While studying for a test I had run into the equation for the surface $\sum: x^4+y^4+z^4 = 1$ and didn't know what shape it had, so I 3D plotted it and found out it looks like a game die, or rather a cube with round edges.
After that I have played with the equation $\sum_{n}:x^{2n}+y^{2n}+z^{2n}=c$ , where: $c\in\mathbb{R},n\in\mathbb{N}$ and noticed that the surface $\sum_{n}$ converges to a cube as $n$ increases, and wondered if there is an explanation or proof of why this happens.

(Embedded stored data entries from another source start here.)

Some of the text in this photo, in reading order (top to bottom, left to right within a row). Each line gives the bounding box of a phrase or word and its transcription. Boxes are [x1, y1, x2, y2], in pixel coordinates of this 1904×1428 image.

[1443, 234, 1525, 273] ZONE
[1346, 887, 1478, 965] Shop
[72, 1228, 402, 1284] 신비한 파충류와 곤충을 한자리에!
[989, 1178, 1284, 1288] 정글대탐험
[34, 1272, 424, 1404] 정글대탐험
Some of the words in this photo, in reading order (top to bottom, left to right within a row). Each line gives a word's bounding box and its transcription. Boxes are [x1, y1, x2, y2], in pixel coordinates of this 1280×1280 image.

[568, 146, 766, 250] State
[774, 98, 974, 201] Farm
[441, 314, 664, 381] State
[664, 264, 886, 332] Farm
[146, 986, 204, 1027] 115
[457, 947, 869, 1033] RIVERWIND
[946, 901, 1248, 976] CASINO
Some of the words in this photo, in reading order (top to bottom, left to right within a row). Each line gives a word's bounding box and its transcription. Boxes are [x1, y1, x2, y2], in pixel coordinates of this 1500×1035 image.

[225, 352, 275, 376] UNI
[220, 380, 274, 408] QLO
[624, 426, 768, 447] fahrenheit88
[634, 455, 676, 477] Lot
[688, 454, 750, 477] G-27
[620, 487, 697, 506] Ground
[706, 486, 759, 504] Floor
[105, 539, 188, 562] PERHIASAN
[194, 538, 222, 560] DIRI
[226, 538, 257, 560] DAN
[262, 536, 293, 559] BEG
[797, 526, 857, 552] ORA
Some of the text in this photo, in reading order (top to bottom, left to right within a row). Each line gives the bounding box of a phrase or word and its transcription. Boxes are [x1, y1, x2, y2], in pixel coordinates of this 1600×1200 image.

It is simple to prove so. First of all, this only happens with $c\in\mathbb R^+$. Let's consider first the limit of one power $$\lim_{n\to+\infty}x^{2n}=\begin{cases}+\infty&\text{if }\lvert x\rvert>1\\0&\text{if }\lvert x\rvert<1\end{cases}$$ Due to the fact that $c\in\mathbb R^+\Rightarrow c<+\infty\Rightarrow\lvert x\rvert,\lvert y\rvert,\lvert z\rvert\leq1$, and because $c\neq0$ we have that not all three can be less than one. So at least one coordinate must be $1$ or $-1$, being each one a face of the cube.
There is another prove from the following result. Let $f_n(x_1,...,x_m)=\sqrt[2n]{x_1^{2n}+\cdots+x_m^{2n}}$, then $f_n\xrightarrow{n\to+\infty}\max(\lvert x_1\rvert,...,\lvert x_n\rvert)$. Then, we can write $$x^{2n}+y^{2n}+z^{2n}=c\Rightarrow\sqrt[2n]{x^{2n}+y^{2n}+z^{2n}}=\sqrt[2n]c\xrightarrow{n\to+\infty}\max(\lvert x\rvert,\lvert y\rvert,\lvert z\rvert)=1$$ Wich is the equation for a cube of side 1.